The fields I'm thinking of are mown for hay every year, would that make any difference?
 
Yes,
we have planted yellow rattle and as a result there are masses more flowers. As well as an increase in Dandelions early in spring there is lots of Red and White Clover, Birdsfoot Trefoil, Knapweed, Vetches, Meadowsweet, Cuckoo flowers, Cowslips, Selfheal, and Oxeye Daisy.
Where there was nothing but tall rough grass there are flowers and Stan gets to play on his ride-on mower just in the Autumn.

The fields I'm thinking of are mown for hay every year, would that make any difference?
In which case you don't want rattle.
If you can do a cut in Early June you will encourage clover if it's already part of the sward
 
You can change the mix of plants growing anywhere over any area by judicious management, not cheaply though and takes some knowledge.

Farmers and Gardeners do it all the time and the bees will just be part of the ecosystem.
 
Question is you overseed an established grass area with wild flowers

I would have said yes, but it'll take time and effort and expense!
Is it silage, improved grassland, or hay?
If it's hay, you're half way there.

We've been working on an area in school, not big, length of the rugby pitch and about 5m wide.
It's all done by hand and we're two years in.
Twice yearly cutting and removing of grass.
We're now at a point that I'm considering seeding with meadow flowers.
 
You can change the mix of plants growing anywhere over any area by judicious management, not cheaply though and takes some knowledge.

Farmers and Gardeners do it all the time and the bees will just be part of the ecosystem.

I have done this 50 years.
. I know, that it works only in dreams. .

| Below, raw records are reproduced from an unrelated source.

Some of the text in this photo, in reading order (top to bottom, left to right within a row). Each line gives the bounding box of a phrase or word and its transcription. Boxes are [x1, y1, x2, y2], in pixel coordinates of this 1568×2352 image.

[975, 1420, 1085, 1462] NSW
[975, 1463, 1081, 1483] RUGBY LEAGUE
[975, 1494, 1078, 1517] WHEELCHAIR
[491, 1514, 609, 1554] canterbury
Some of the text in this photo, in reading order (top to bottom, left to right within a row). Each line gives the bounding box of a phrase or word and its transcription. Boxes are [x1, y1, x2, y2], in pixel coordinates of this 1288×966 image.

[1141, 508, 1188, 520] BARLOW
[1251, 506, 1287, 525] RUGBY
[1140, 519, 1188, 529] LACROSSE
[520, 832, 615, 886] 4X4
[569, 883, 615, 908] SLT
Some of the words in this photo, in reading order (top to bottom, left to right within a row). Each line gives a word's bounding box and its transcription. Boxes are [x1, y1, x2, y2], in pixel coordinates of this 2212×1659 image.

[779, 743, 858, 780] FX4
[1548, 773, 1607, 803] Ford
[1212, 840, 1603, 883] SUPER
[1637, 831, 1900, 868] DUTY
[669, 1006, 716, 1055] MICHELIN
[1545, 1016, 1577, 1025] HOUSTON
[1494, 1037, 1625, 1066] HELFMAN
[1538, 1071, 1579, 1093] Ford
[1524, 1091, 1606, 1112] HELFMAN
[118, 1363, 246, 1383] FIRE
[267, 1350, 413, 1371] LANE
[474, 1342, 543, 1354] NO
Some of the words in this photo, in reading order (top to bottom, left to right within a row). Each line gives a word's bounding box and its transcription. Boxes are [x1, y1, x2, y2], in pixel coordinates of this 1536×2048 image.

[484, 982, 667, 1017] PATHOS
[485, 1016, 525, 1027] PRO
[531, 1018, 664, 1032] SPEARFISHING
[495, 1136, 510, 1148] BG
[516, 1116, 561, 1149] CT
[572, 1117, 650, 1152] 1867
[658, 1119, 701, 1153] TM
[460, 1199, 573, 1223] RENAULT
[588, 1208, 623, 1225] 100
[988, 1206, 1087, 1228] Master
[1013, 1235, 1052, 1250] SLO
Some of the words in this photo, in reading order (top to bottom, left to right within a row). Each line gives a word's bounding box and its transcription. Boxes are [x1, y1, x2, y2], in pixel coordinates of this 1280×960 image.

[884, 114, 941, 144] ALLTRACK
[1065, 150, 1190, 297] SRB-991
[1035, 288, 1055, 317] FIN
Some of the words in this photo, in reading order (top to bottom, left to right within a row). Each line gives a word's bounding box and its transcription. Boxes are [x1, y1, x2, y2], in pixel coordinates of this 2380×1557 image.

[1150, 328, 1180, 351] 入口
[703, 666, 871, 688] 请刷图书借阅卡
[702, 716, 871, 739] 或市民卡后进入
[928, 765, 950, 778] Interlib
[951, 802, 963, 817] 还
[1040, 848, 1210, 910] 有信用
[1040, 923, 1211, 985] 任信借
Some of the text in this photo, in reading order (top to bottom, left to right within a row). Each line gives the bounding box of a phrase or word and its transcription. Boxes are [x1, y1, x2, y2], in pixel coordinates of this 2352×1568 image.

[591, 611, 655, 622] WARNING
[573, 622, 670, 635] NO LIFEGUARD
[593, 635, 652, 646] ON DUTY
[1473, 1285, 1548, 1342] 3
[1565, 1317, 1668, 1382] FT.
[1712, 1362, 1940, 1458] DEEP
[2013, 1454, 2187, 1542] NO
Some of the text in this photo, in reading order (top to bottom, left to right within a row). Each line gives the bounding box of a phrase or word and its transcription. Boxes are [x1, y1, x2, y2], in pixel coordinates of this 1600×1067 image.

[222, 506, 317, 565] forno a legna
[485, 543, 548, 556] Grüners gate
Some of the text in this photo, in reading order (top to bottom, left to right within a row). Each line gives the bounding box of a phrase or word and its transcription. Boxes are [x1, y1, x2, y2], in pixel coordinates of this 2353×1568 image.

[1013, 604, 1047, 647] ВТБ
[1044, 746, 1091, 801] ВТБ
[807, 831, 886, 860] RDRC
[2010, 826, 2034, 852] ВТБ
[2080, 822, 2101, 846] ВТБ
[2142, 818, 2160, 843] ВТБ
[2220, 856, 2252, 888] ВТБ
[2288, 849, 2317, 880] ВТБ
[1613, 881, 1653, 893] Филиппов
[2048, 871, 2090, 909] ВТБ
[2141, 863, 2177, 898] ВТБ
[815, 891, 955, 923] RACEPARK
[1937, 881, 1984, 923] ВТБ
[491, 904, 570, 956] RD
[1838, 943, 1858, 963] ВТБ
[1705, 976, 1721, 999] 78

Key word is ecotype. You cannot grow wanted plant in wrong ecotype.

It does not just work.

Lets take a wild raspberry. One individual spreads in hayland, and another does not

So called "specialists", who does not even know what they are teaching.

Dry type ecotype:

- rocky soil
- sandy soils

- meadows under tree: Tree takes nutritions and water from smaller plant

- south bank: Sun weeds off low root plants
- north bank, totally different ecotype

- cultivated soil, which changes in a year or two
.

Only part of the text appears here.